An exact repetition of the data below, without images, is the expected answer.

===== Dataset records

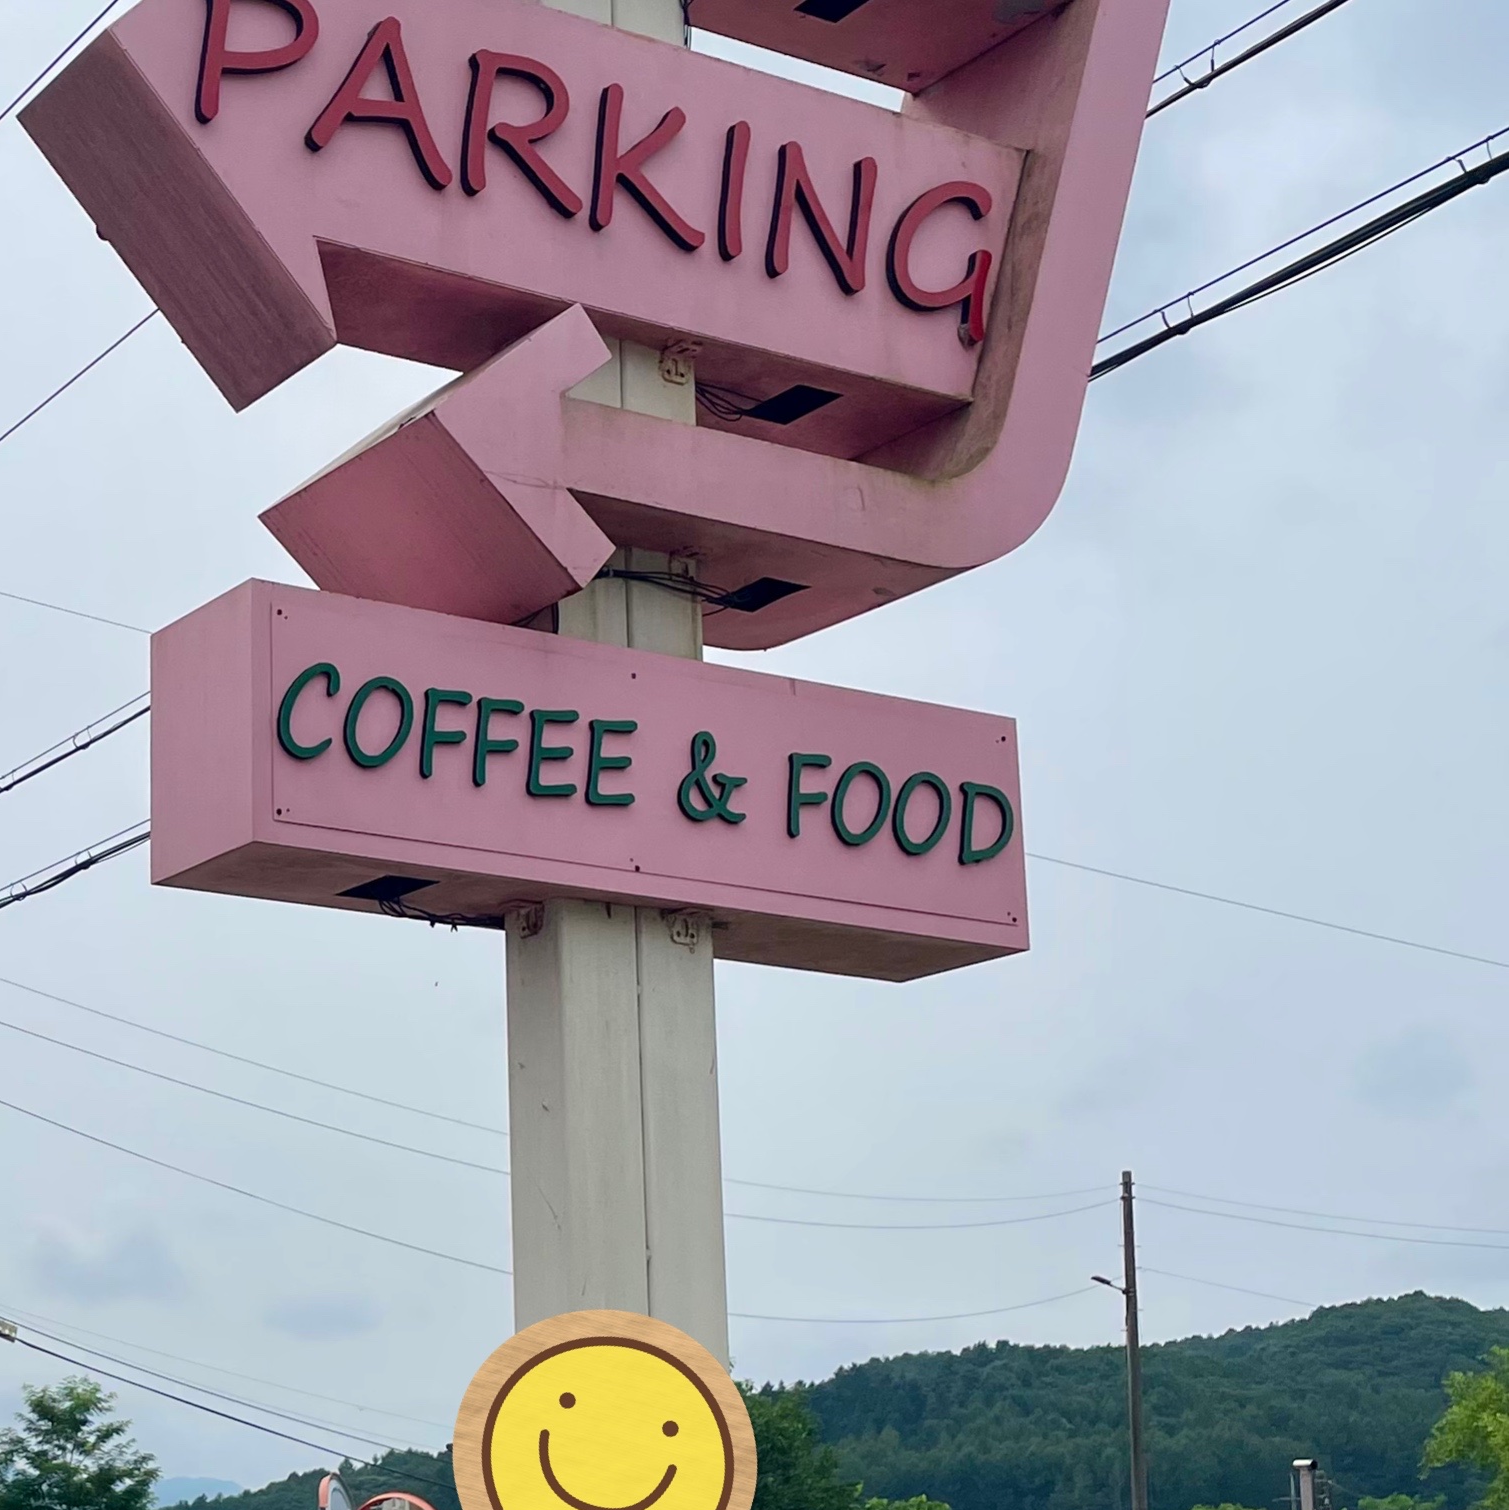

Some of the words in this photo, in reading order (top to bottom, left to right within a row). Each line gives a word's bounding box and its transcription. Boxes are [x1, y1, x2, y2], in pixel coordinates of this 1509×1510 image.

[193, 0, 995, 346] PARKING
[276, 661, 639, 808] COFFEE
[675, 729, 748, 827] &
[785, 750, 1016, 867] FOOD

==========

#### Response:
Some of the words in this photo, in reading order (top to bottom, left to right within a row). Each line gives a word's bounding box and its transcription. Boxes are [x1, y1, x2, y2], in pixel coordinates of this 1509×1510 image.

[193, 0, 995, 346] PARKING
[276, 661, 639, 808] COFFEE
[675, 729, 748, 827] &
[785, 750, 1016, 867] FOOD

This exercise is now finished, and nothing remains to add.